*Activity*. Keep the images out while you retype all of the data exactly.

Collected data
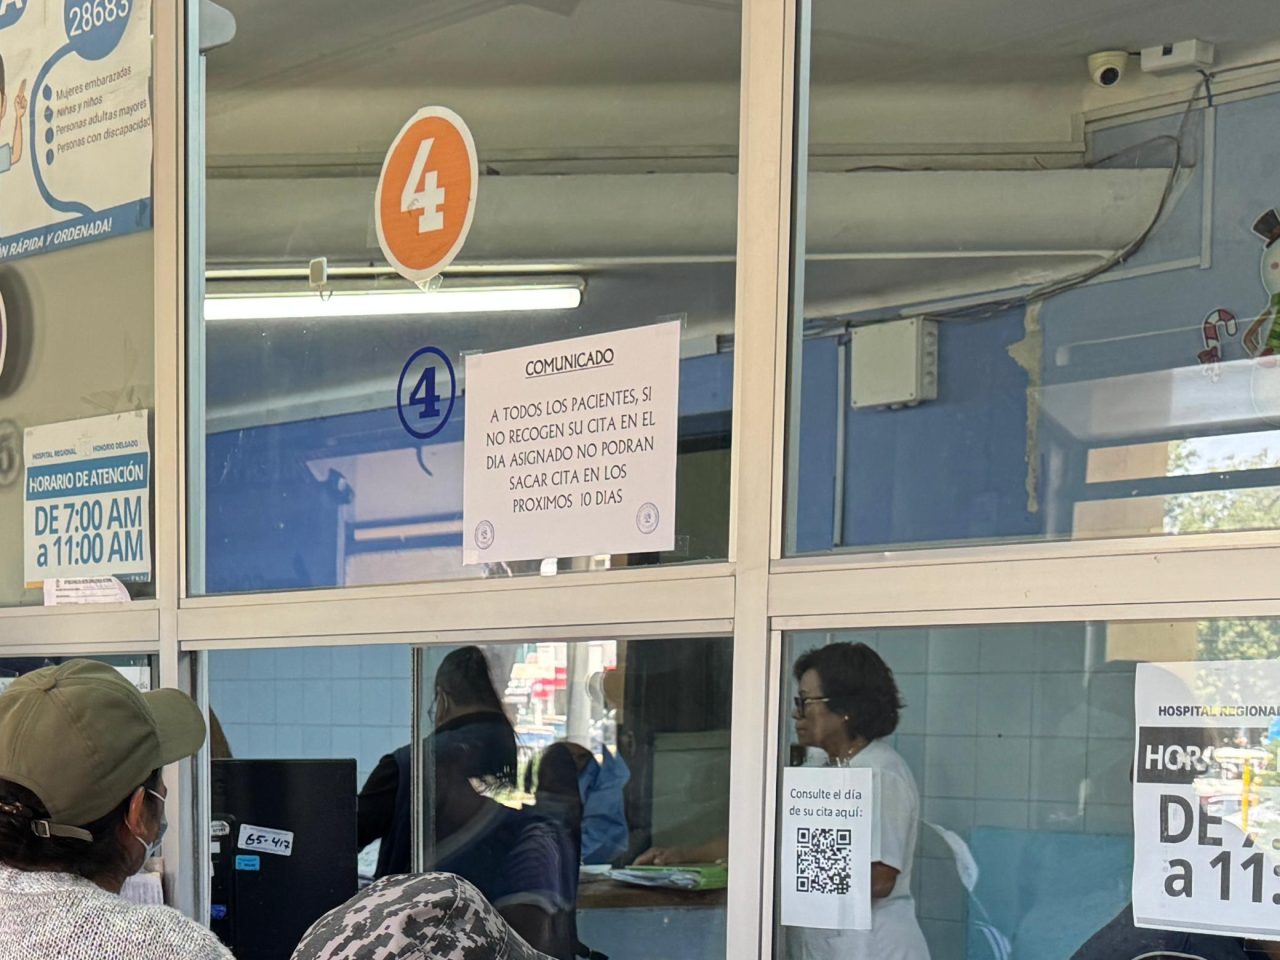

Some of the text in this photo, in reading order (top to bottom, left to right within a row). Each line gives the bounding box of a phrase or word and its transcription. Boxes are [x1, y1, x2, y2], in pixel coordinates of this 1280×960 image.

[56, 66, 131, 100] Mujeres embarazadas
[56, 99, 147, 136] Personas adultas mayores
[57, 137, 85, 154] Personas
[86, 132, 101, 145] con
[401, 138, 445, 233] 4
[9, 238, 44, 256] RÁPIDA
[45, 233, 54, 246] Y
[54, 218, 112, 244] ORDENADA!
[525, 348, 614, 377] COMUNICADO
[409, 367, 440, 418] 4
[490, 386, 652, 423] A TODOS LOS PACIENTES, SI
[486, 411, 655, 447] NO RECOGEN SU CITA EN EL
[32, 450, 53, 460] HOSPITAL
[54, 448, 77, 457] REGIONAL
[115, 439, 138, 449] DELGADO
[486, 436, 654, 470] DIA ASIGNADO NO PODRAN
[29, 460, 144, 493] HORARIO DE ATENCIÓN
[509, 464, 627, 490] SACAR CITA EN LOS
[35, 496, 142, 536] DE 7:00 AM
[513, 494, 573, 513] PROXIMOS
[596, 489, 623, 505] DIAS
[37, 529, 144, 567] a 11:00 AM
[1159, 706, 1216, 717] HOSPITAL
[790, 788, 862, 800] Consulte el día
[789, 805, 863, 819] de su cita aquí:
[1159, 794, 1223, 846] DE
[1164, 858, 1193, 898] a

*Reply to the task*.
Some of the text in this photo, in reading order (top to bottom, left to right within a row). Each line gives the bounding box of a phrase or word and its transcription. Boxes are [x1, y1, x2, y2], in pixel coordinates of this 1280×960 image.

[56, 66, 131, 100] Mujeres embarazadas
[56, 99, 147, 136] Personas adultas mayores
[57, 137, 85, 154] Personas
[86, 132, 101, 145] con
[401, 138, 445, 233] 4
[9, 238, 44, 256] RÁPIDA
[45, 233, 54, 246] Y
[54, 218, 112, 244] ORDENADA!
[525, 348, 614, 377] COMUNICADO
[409, 367, 440, 418] 4
[490, 386, 652, 423] A TODOS LOS PACIENTES, SI
[486, 411, 655, 447] NO RECOGEN SU CITA EN EL
[32, 450, 53, 460] HOSPITAL
[54, 448, 77, 457] REGIONAL
[115, 439, 138, 449] DELGADO
[486, 436, 654, 470] DIA ASIGNADO NO PODRAN
[29, 460, 144, 493] HORARIO DE ATENCIÓN
[509, 464, 627, 490] SACAR CITA EN LOS
[35, 496, 142, 536] DE 7:00 AM
[513, 494, 573, 513] PROXIMOS
[596, 489, 623, 505] DIAS
[37, 529, 144, 567] a 11:00 AM
[1159, 706, 1216, 717] HOSPITAL
[790, 788, 862, 800] Consulte el día
[789, 805, 863, 819] de su cita aquí:
[1159, 794, 1223, 846] DE
[1164, 858, 1193, 898] a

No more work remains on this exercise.